Work instruction = Below are records to transcribe exactly, without their pictures.

Annotated photo localization data =
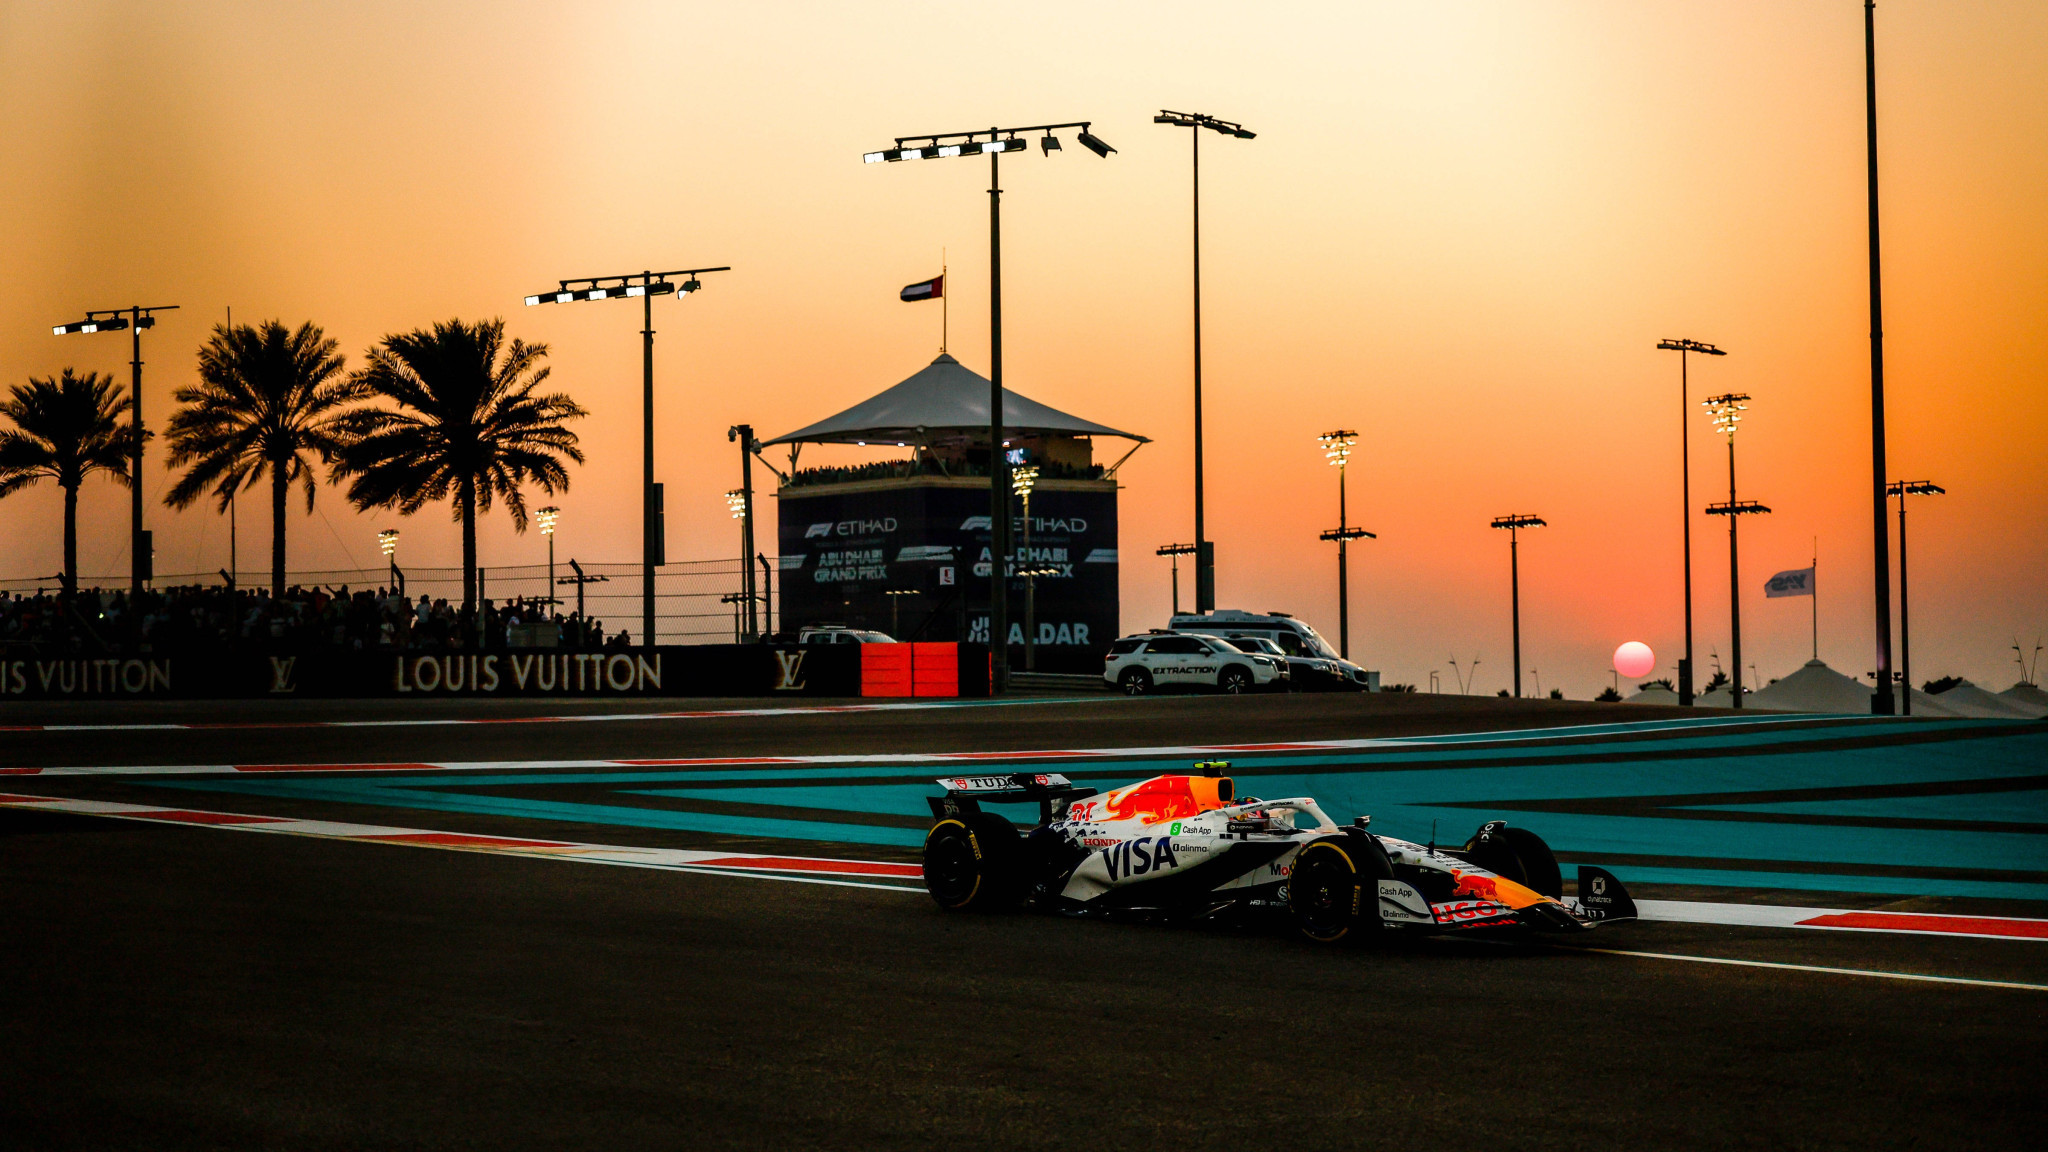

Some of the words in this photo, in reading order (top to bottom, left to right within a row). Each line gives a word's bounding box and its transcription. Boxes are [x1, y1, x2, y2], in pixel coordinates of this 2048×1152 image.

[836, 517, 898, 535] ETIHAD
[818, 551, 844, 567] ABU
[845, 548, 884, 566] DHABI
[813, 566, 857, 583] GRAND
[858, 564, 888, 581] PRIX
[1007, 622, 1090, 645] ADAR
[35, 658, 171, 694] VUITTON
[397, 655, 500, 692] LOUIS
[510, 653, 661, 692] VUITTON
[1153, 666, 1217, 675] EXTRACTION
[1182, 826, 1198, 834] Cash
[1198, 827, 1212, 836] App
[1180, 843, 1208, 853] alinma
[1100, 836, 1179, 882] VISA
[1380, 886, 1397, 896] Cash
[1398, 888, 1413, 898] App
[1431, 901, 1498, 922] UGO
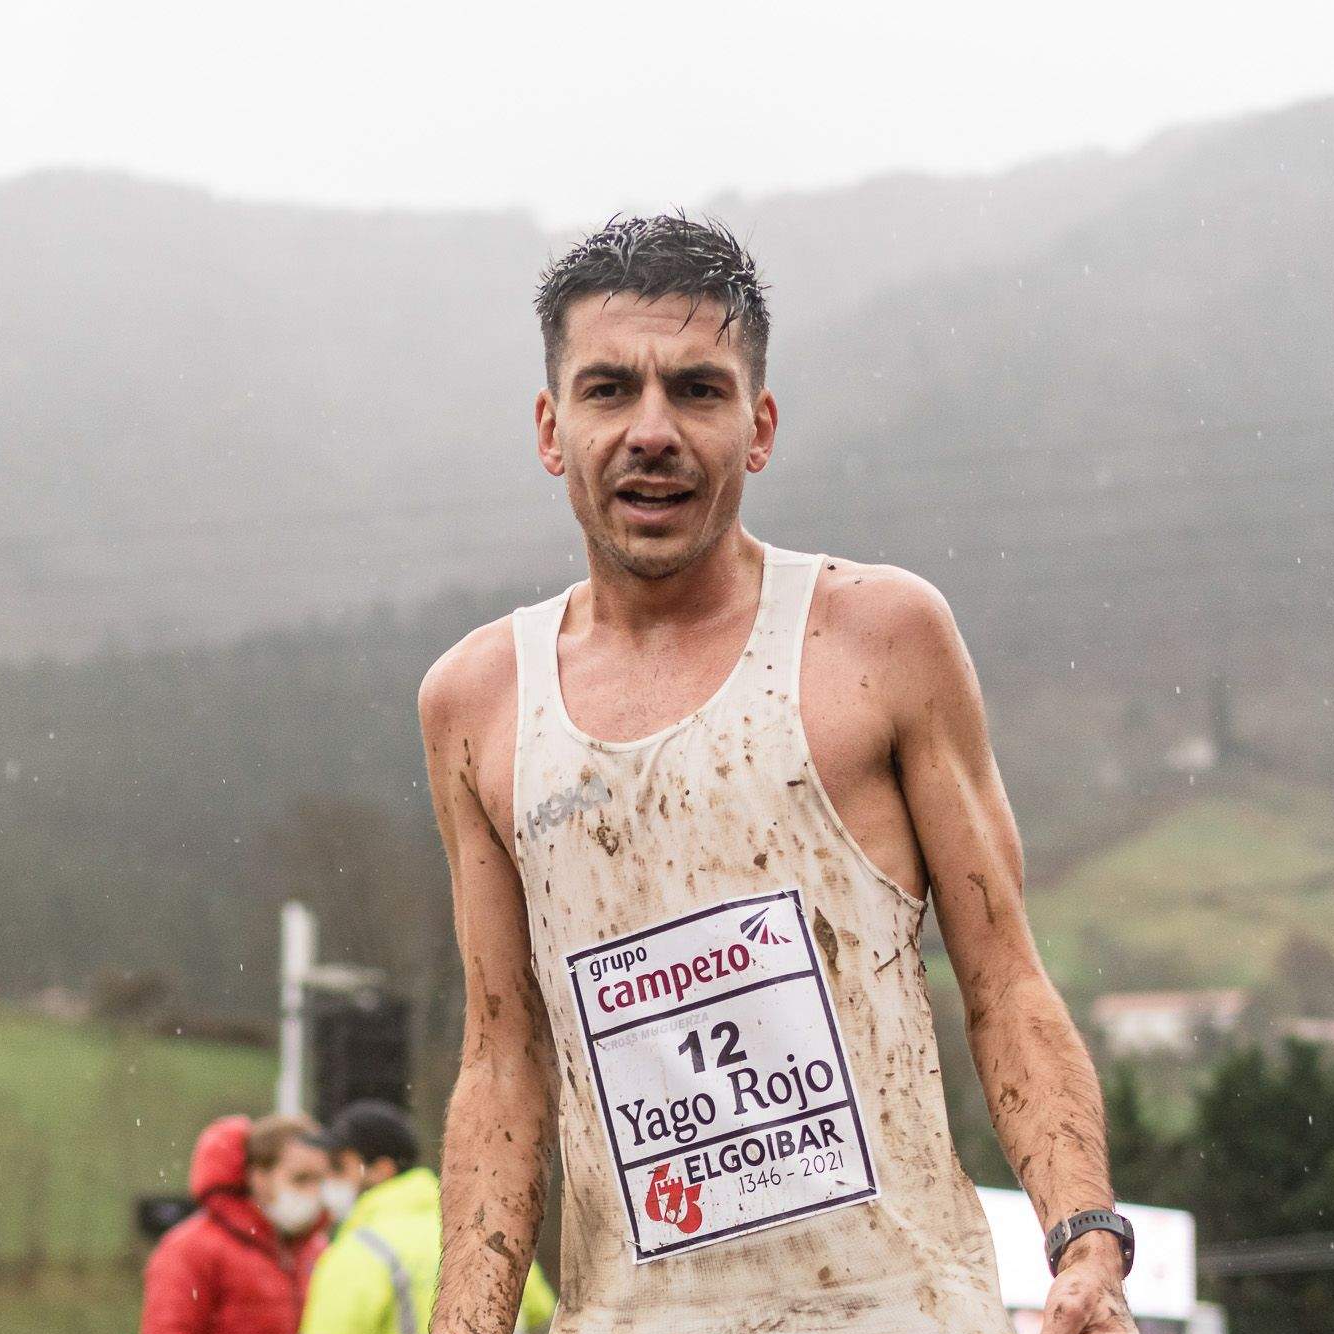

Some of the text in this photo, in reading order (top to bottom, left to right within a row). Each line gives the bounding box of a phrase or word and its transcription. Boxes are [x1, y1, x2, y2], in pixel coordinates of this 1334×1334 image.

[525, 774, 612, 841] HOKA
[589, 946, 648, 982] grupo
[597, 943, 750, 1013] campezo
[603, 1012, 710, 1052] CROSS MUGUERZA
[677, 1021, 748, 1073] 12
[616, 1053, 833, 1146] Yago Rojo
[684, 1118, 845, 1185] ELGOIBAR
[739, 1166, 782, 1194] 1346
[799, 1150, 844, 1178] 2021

Expected output =
Some of the words in this photo, in reading order (top to bottom, left to right within a row). Each line gives a word's bounding box and its transcription. Boxes are [x1, y1, x2, y2], in pixel coordinates of this 2048×1152 image.

[836, 517, 898, 535] ETIHAD
[818, 551, 844, 567] ABU
[845, 548, 884, 566] DHABI
[813, 566, 857, 583] GRAND
[858, 564, 888, 581] PRIX
[1007, 622, 1090, 645] ADAR
[35, 658, 171, 694] VUITTON
[397, 655, 500, 692] LOUIS
[510, 653, 661, 692] VUITTON
[1153, 666, 1217, 675] EXTRACTION
[1182, 826, 1198, 834] Cash
[1198, 827, 1212, 836] App
[1180, 843, 1208, 853] alinma
[1100, 836, 1179, 882] VISA
[1380, 886, 1397, 896] Cash
[1398, 888, 1413, 898] App
[1431, 901, 1498, 922] UGO

Some of the text in this photo, in reading order (top to bottom, left to right within a row). Each line gives the bounding box of a phrase or word and its transcription. Boxes are [x1, y1, x2, y2], in pixel coordinates of this 1334×1334 image.

[525, 774, 612, 841] HOKA
[589, 946, 648, 982] grupo
[597, 943, 750, 1013] campezo
[603, 1012, 710, 1052] CROSS MUGUERZA
[677, 1021, 748, 1073] 12
[616, 1053, 833, 1146] Yago Rojo
[684, 1118, 845, 1185] ELGOIBAR
[739, 1166, 782, 1194] 1346
[799, 1150, 844, 1178] 2021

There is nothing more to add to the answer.